Transporters and channels involved in the handling of protons, sodium, calcium and potassium in myocytes. At normal sodium concentrations the NCX of the sarcolemma works in the forward mode to export calcium. At high sodium concentrations caused by high NHE1- and low Na+/K+-ATPase activity the NCX reverses its transport direction to import calcium leading to calcium overload. Since intracellular sodium is the driving force for the mitochondrial NCX, elevated intracellular sodium (even below the threshold for reverse mode of the sarcolemmal NCX) activates the mitochondrial NCX to diminish mitochondrial calcium while elevated cytoplasmatic calcium has the opposing effect and tends to increase it. KATP is closed at normal but activated at low ATP levels. Opening will cause hyperpolarization, a protective mechanism against calcium overload. But if open for a longer time it can cause potassium loss together with the weak Na+/K+-ATPase activity, for which the causes are listed in Table 1. Intracellular hypokalemia reduces the driving force of the protective KATP opening

What are the mechanisms that could cause sodium loading in ME/CFS?
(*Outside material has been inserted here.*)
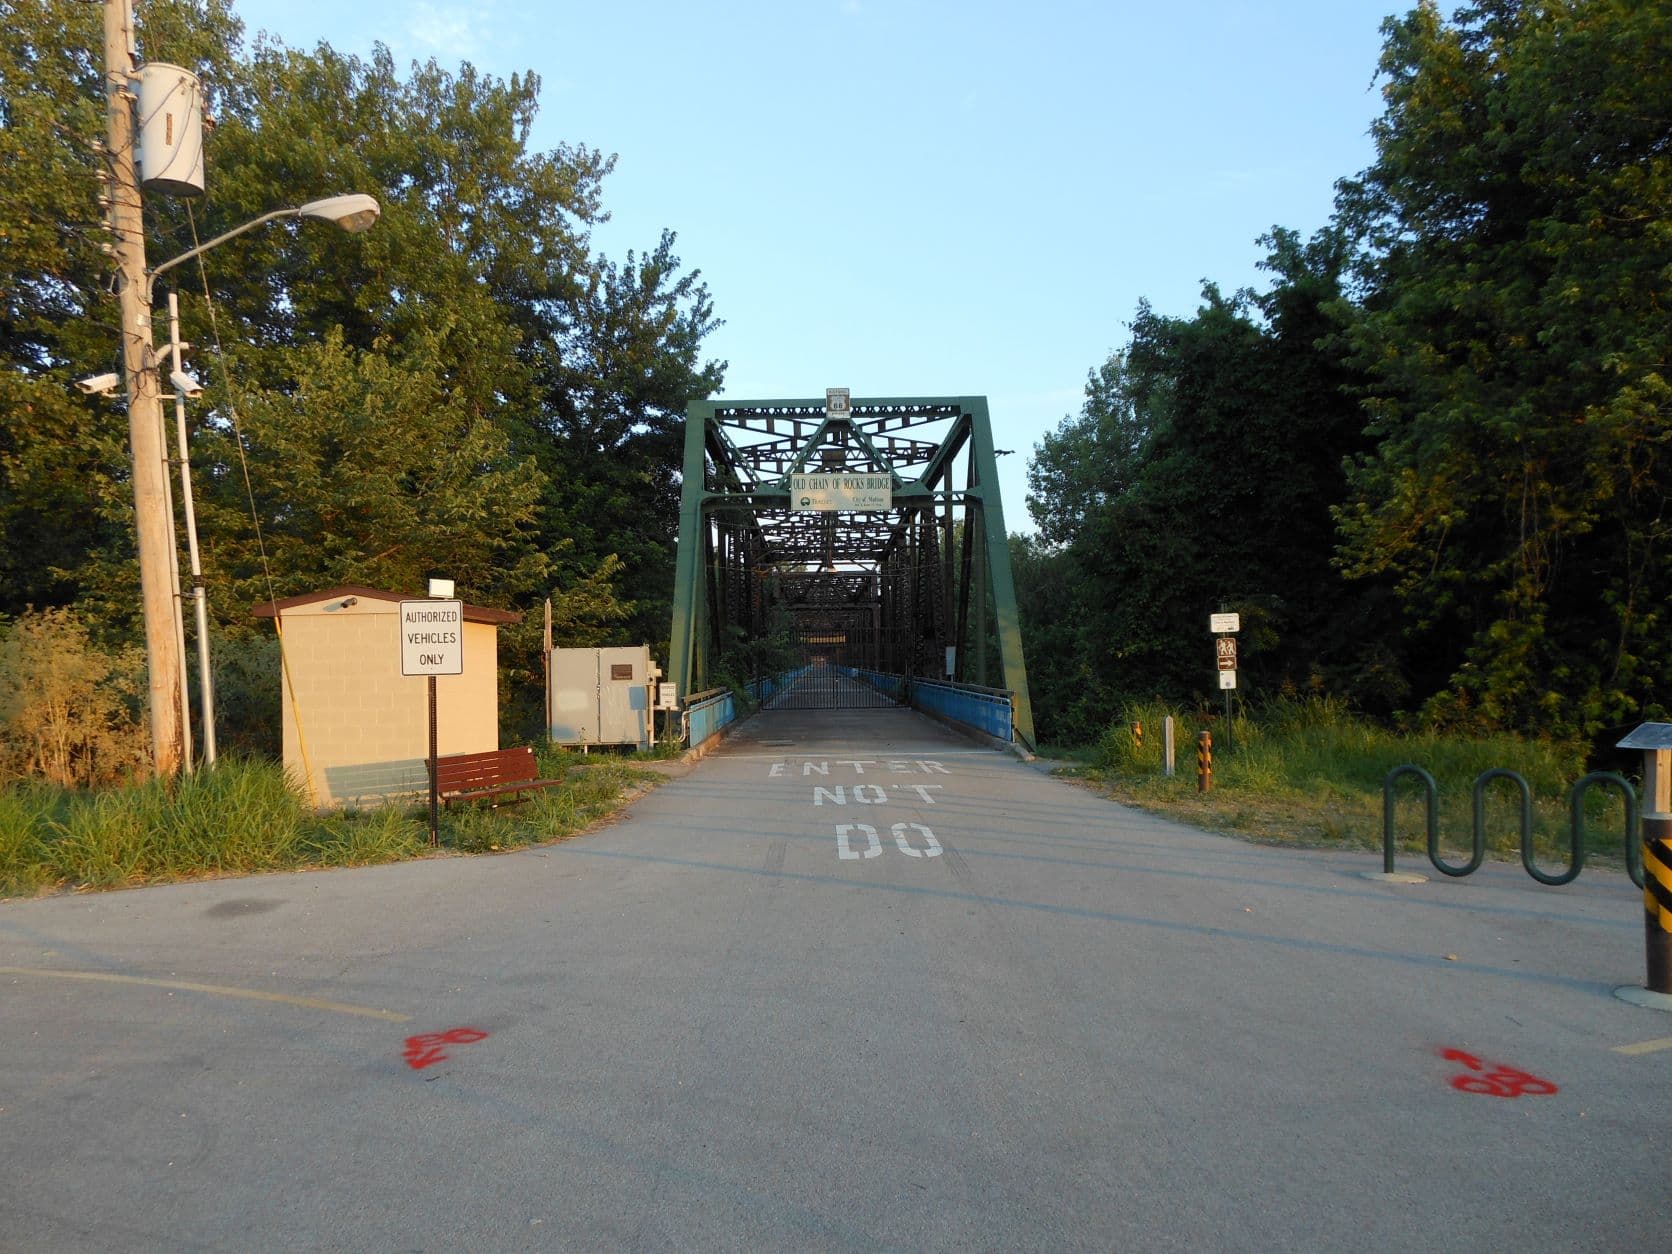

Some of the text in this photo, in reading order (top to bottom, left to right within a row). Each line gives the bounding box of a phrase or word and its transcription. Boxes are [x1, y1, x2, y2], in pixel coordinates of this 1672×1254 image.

In the working muscles, particularly in hypoxia, the increase in anaerobic metabolism should raise proton generation and therefore also cellular sodium load via the NHE1. Previous exercise deteriorated physical performance and increased arterial lactate during exercise in patients with ME/CFS while it lowered lactate in healthy subjects [38]. Under conditions of insufficient ATP production Na+/K+-ATPase may not be able to remove sodium in sufficient quantities, and intracellular sodium may therefore accumulate. In experimental situations ß2AdR activation stimulates the Na+/K+-ATPase activity [32] and improves muscle force recovery and so do insulin and calcitonin-gene related peptide (cGRP). Dysfunctional ß2AdR may be a major cause in the pathophysiology of muscular fatigue affecting not only perfusion and the energetic situation but also impairing the stimulation of the Na+/K+-ATPase. If insulin resistance occurred as a consequence of the metabolic changes of skeletal muscle in ME/CFS, as will be outlined below, the Na+/K+-ATPase activity would be further impaired.
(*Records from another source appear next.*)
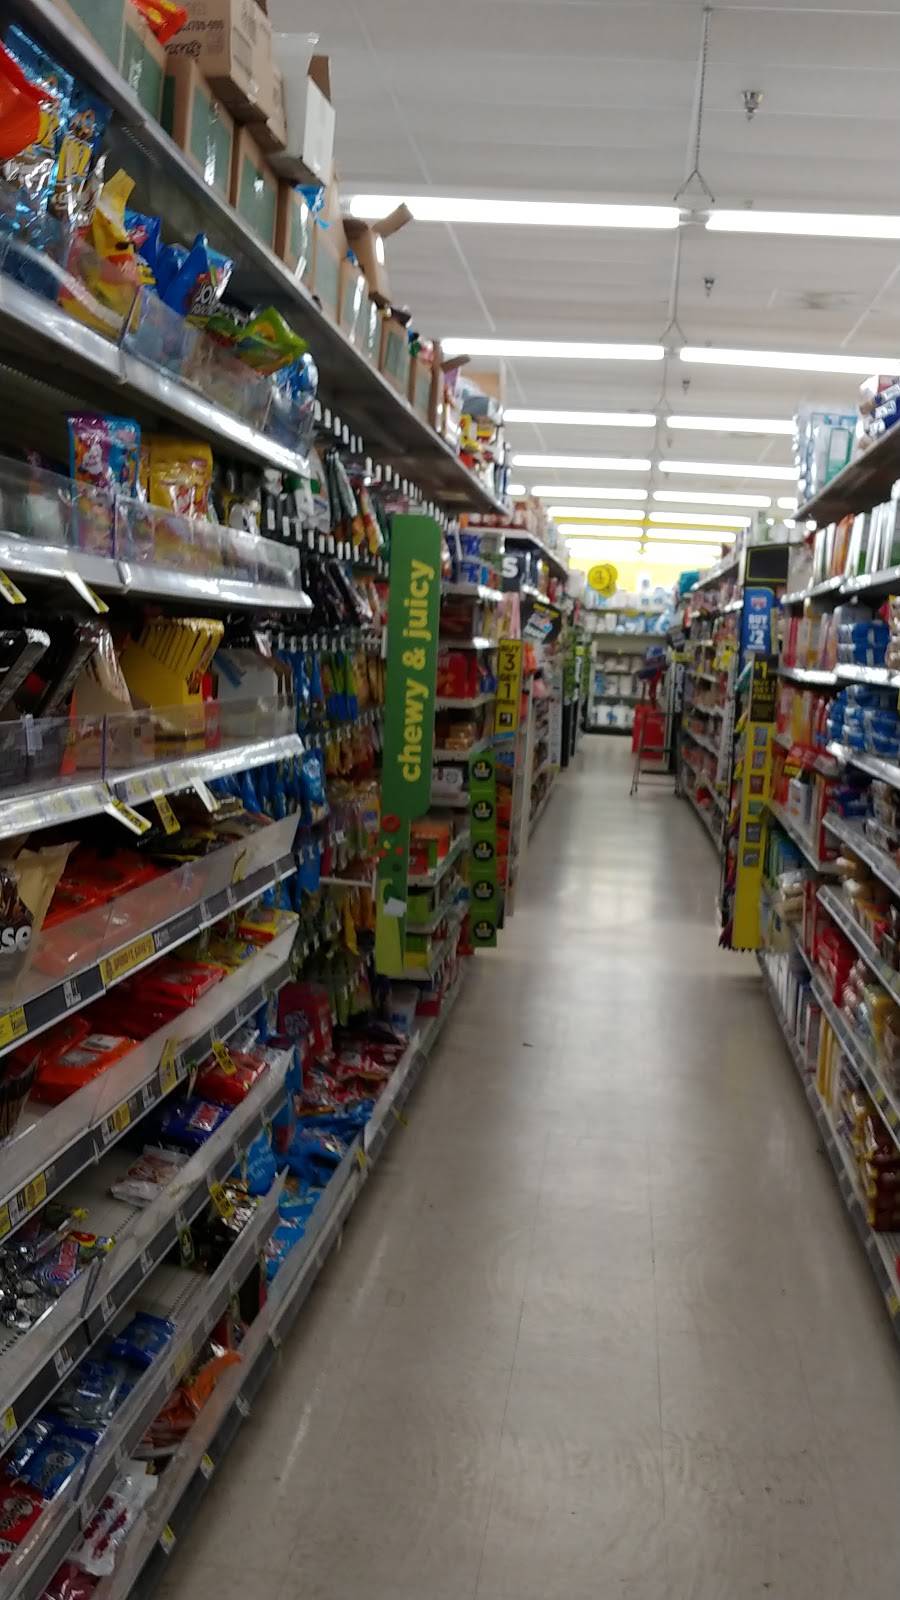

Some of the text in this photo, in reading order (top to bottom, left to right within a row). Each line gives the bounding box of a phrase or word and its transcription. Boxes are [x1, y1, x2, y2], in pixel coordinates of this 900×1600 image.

[397, 559, 437, 782] chewy & juicy
[503, 653, 515, 671] 3
[504, 682, 511, 699] 1
[0, 925, 33, 954] se
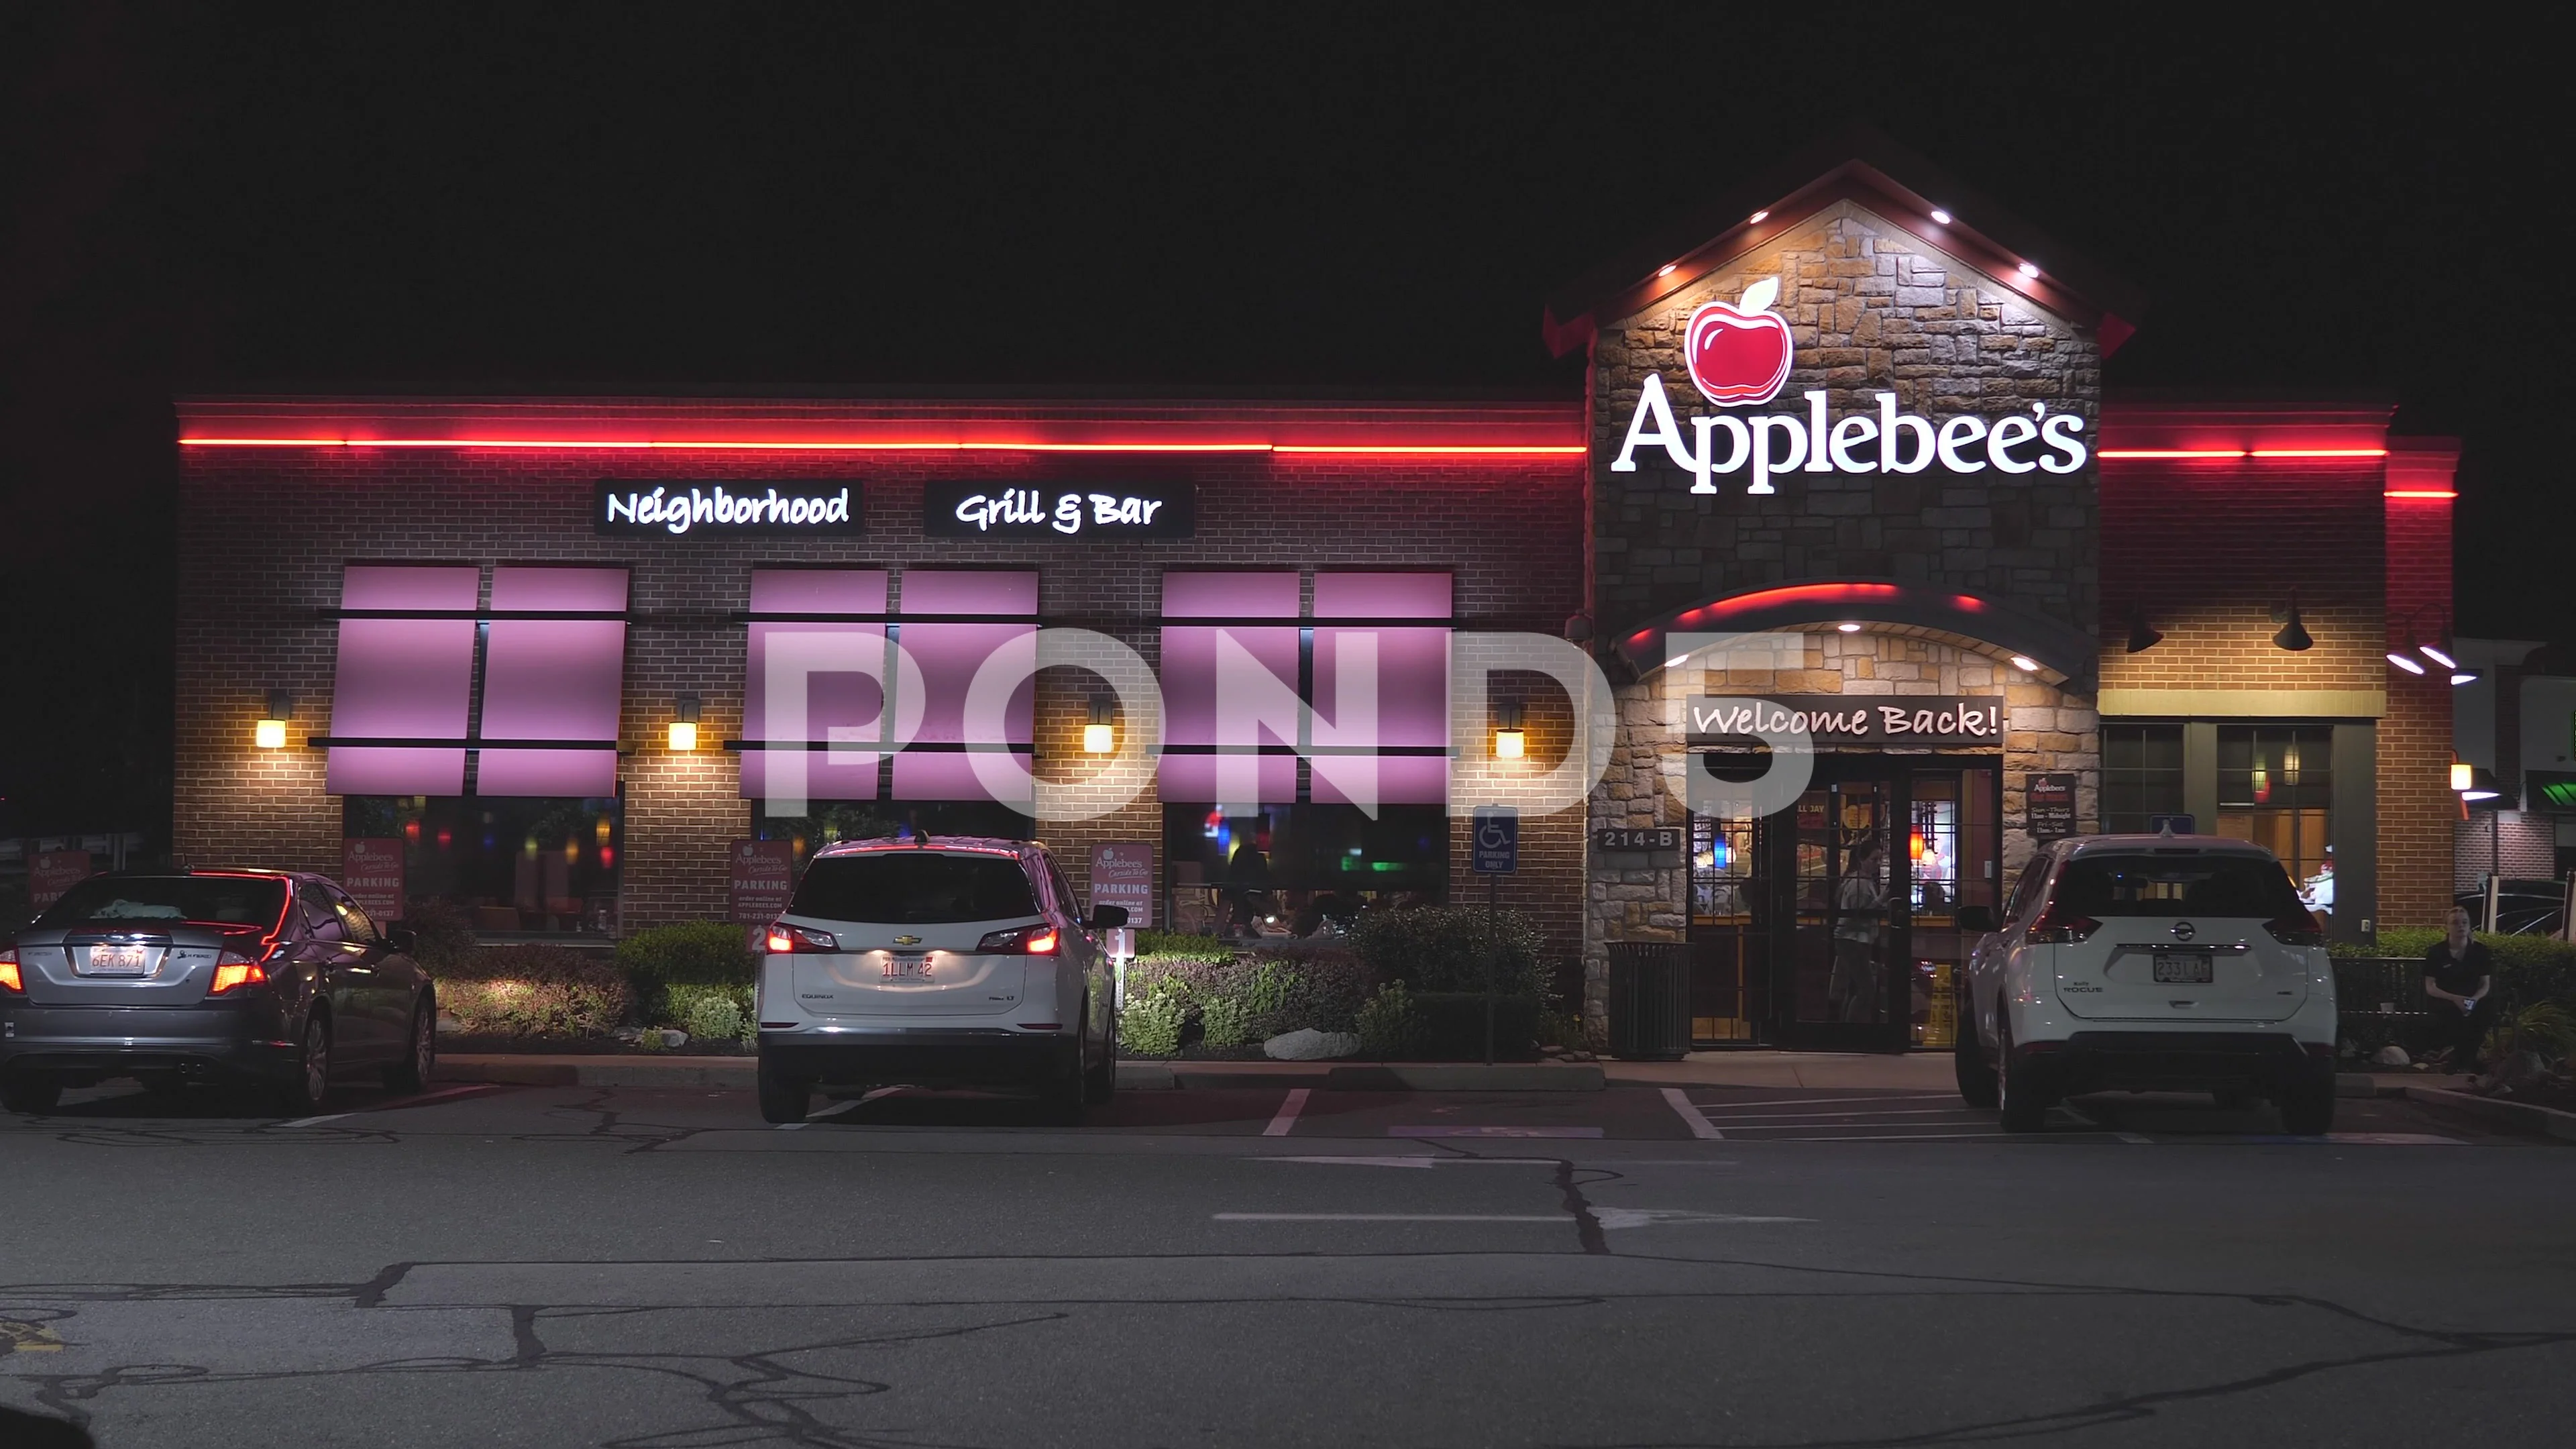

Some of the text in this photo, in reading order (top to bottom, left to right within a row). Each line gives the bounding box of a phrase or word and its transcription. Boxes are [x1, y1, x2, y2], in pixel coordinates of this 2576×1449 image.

In skeletal muscle Na+/K+-ATPase is stimulated by ß2AdR and cGRP, probably during exercise, and by insulin and acetylcholine at rest [32, 33, 39]. We strongly assume that the function of the Na+/K+-ATPase is severely disturbed in ME/CFS, not only by dysfunctional ß2AdR but also by low ATP production, insulin resistance (explained below) and lowered cGRP production. cGRP-release could be lower for two reasons: (1) lowered expression of the cation channel TRPM3, which could be a predisposing factor. (2) small fiber neuropathy which could develop as a consequence of ME/CFS or be present before as a risk factor [40]. Expression of the cation channel TRPM3 has been found reduced in leukocytes of patients with ME/CFS [41]. It is unknown and remains to be explored whether reduced expression of TRPM3 is also present in small fibres in skeletal muscles. Activation of TRPM3 induces vasodilation of resistance arteries by releasing cGRP und Substance P from perivascular nerves [42] so that this mechanism of vasodilation may be impaired enhancing the need for the metabolically stimulated release of hyperalgesic vasodilators as compensation for this deficit. Impaired cGRP release would also reduce the stimulation of the Na+/K+-ATPase during exercise increasing the risk of sodium overload as mentioned above. It remains to be investigated whether there is an interaction between ß2AdR dysfunction and possible TRPM3 deficiency, i.e. whether both disturbances are required for ME/CFS to develop or whether a dual disturbance is related to disease severity. The potential disturbances of the Na+/K+-ATPase in skeletal muscles in ME/CFS are shown in Table 1.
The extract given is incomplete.